§ **Task details**
In the copy you make, include no pictures, and transcribe every record exactly.

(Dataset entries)
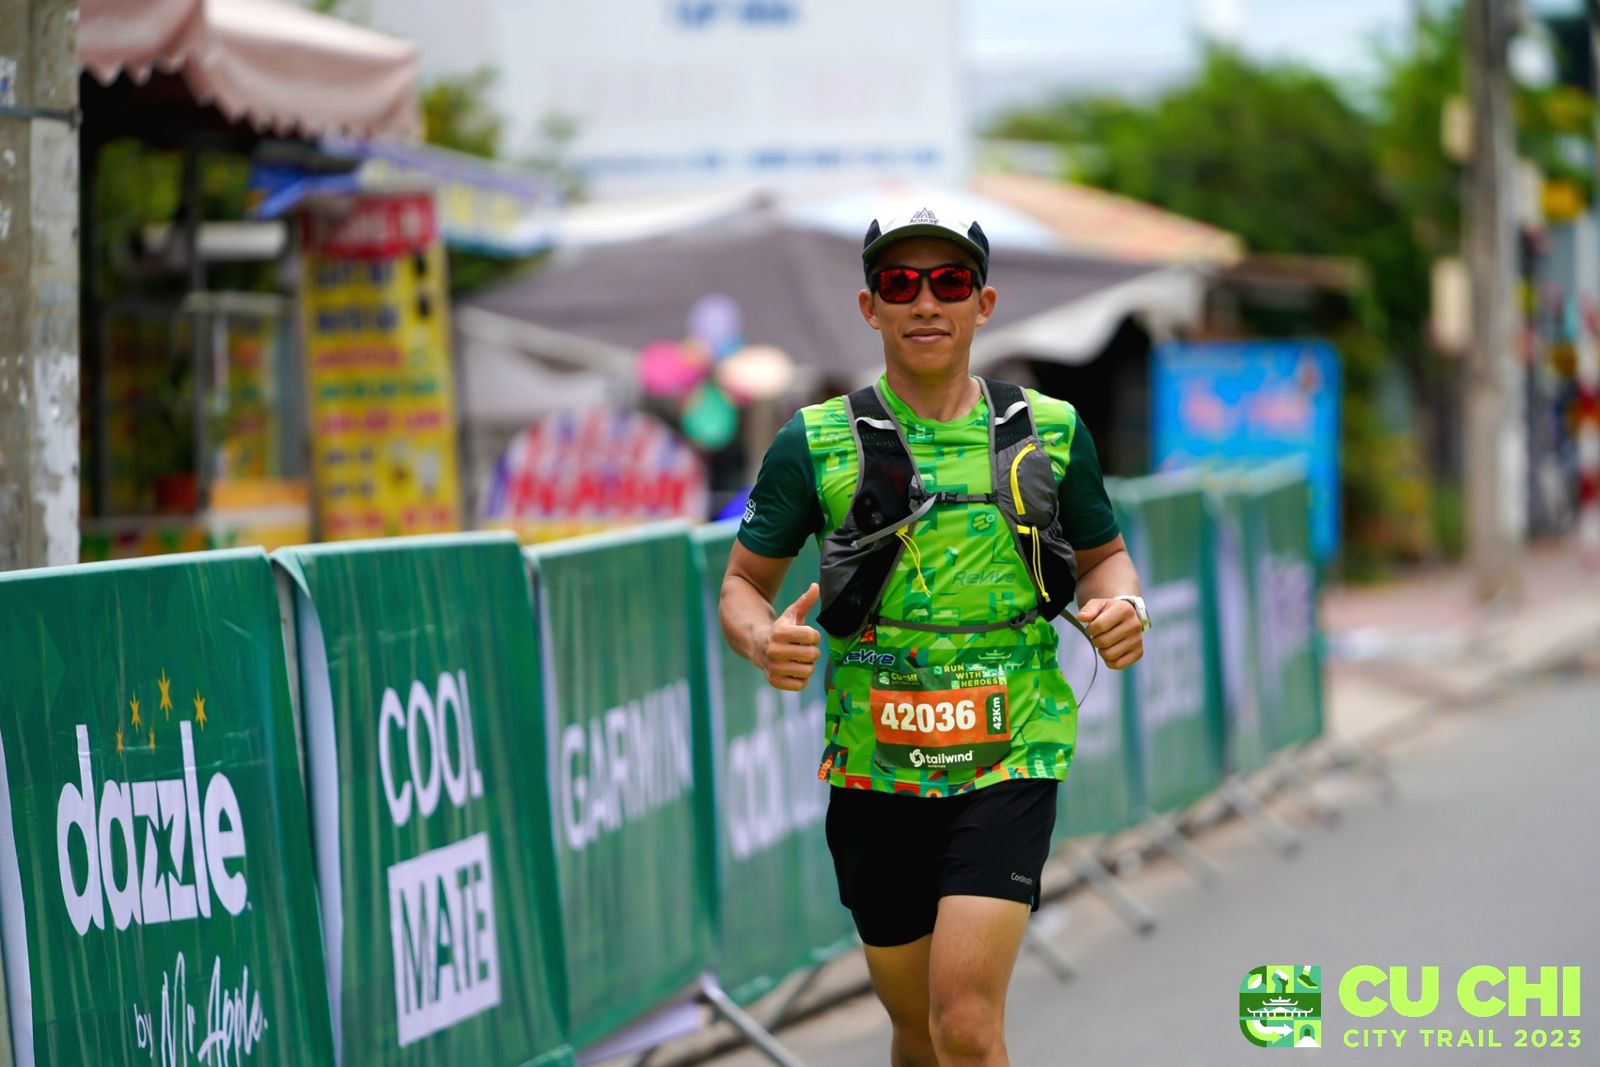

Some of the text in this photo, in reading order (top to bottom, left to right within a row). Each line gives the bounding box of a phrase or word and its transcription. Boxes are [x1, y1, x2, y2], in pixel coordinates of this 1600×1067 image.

[843, 648, 896, 665] eVive
[943, 664, 965, 673] RUN
[955, 670, 982, 680] WITH
[960, 678, 999, 688] HEROES
[880, 699, 977, 734] 42036
[993, 696, 1002, 731] 42Km
[379, 669, 484, 827] COOL
[925, 750, 973, 764] tailwind
[57, 720, 248, 936] dazzle
[401, 859, 491, 1017] MATE
[133, 1002, 153, 1059] by
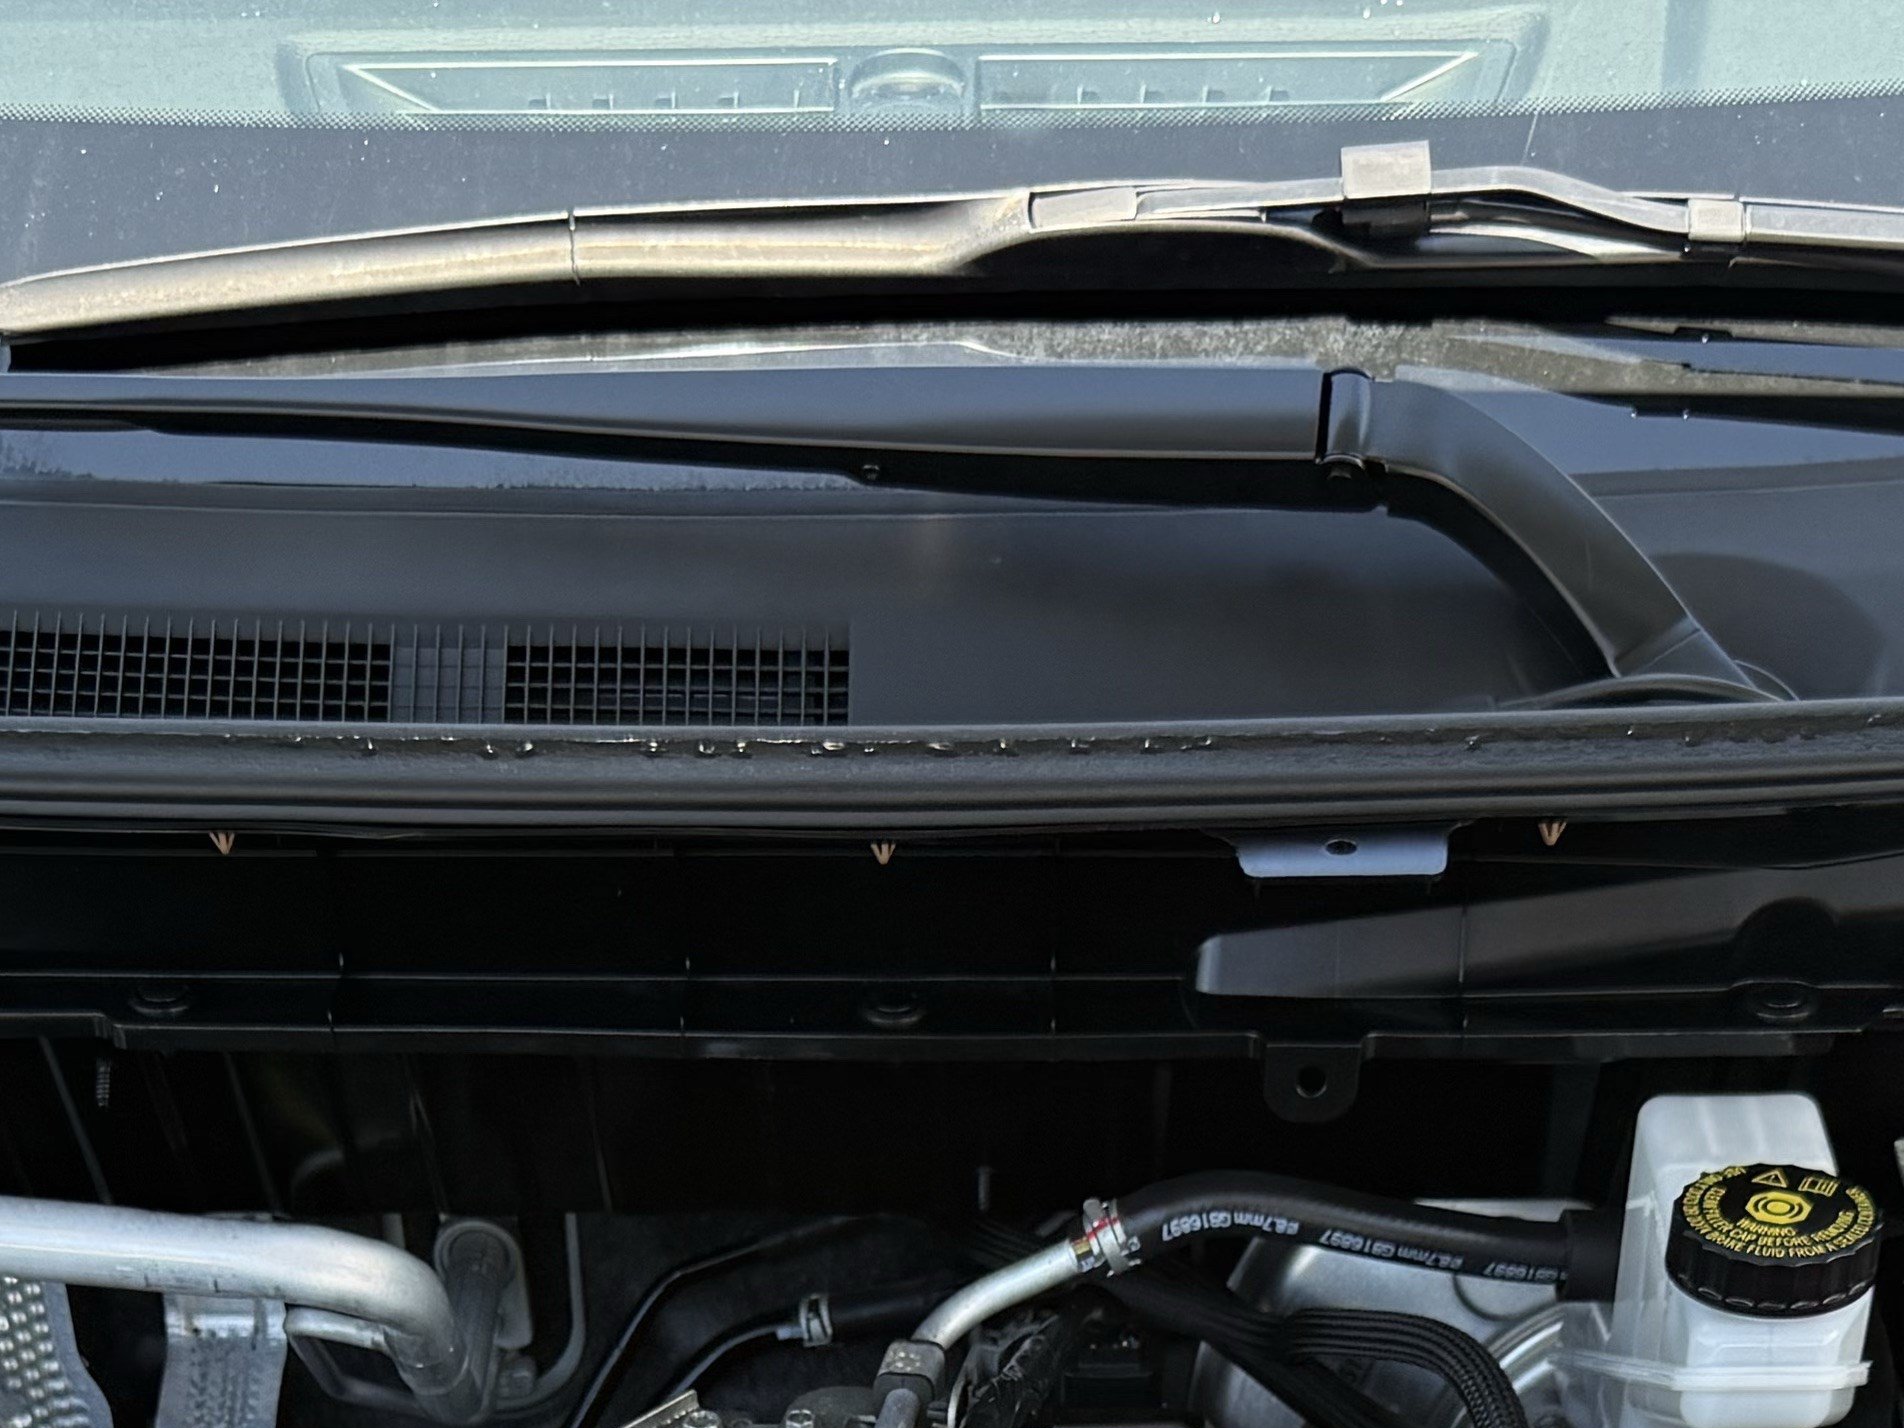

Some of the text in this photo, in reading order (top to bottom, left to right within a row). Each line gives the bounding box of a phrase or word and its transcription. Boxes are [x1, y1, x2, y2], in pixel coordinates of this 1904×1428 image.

[1705, 1231, 1744, 1253] BRAKE
[1746, 1245, 1785, 1259] FLUID
[1788, 1245, 1825, 1259] FROM
[1826, 1241, 1837, 1253] A
[1729, 1227, 1757, 1243] CAP
[1758, 1234, 1813, 1248] BEFORE
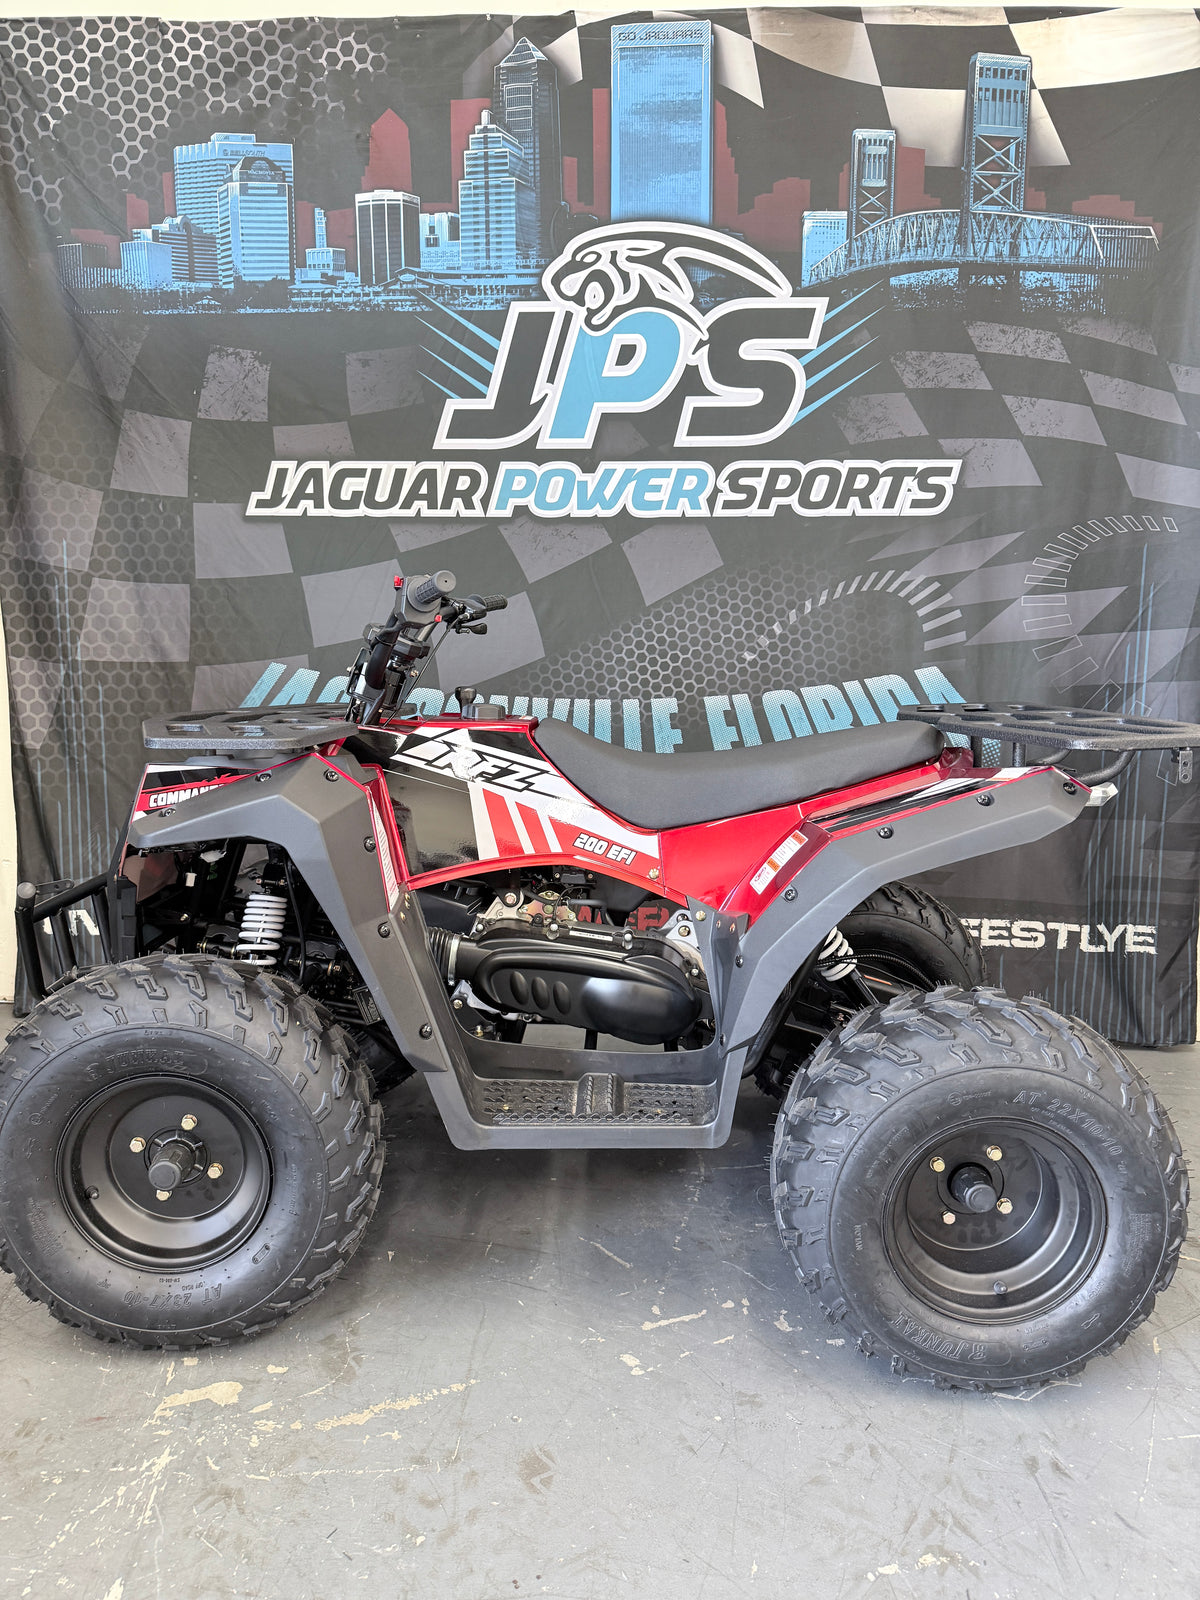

§ **Exercise output**
Some of the text in this photo, in reading order (top to bottom, left to right within a row). Each line gives the bounding box of a phrase or word and its transcription. Boxes are [x1, y1, x2, y2], in pixel coordinates of this 1600×1067 image.

[843, 648, 896, 665] eVive
[943, 664, 965, 673] RUN
[955, 670, 982, 680] WITH
[960, 678, 999, 688] HEROES
[880, 699, 977, 734] 42036
[993, 696, 1002, 731] 42Km
[379, 669, 484, 827] COOL
[925, 750, 973, 764] tailwind
[57, 720, 248, 936] dazzle
[401, 859, 491, 1017] MATE
[133, 1002, 153, 1059] by

Some of the text in this photo, in reading order (top to bottom, left to right within a row). Each line gives the bounding box of a phrase or word and its transcription. Boxes are [x1, y1, x2, y2], in pixel coordinates of this 1904×1428 image.

[1705, 1231, 1744, 1253] BRAKE
[1746, 1245, 1785, 1259] FLUID
[1788, 1245, 1825, 1259] FROM
[1826, 1241, 1837, 1253] A
[1729, 1227, 1757, 1243] CAP
[1758, 1234, 1813, 1248] BEFORE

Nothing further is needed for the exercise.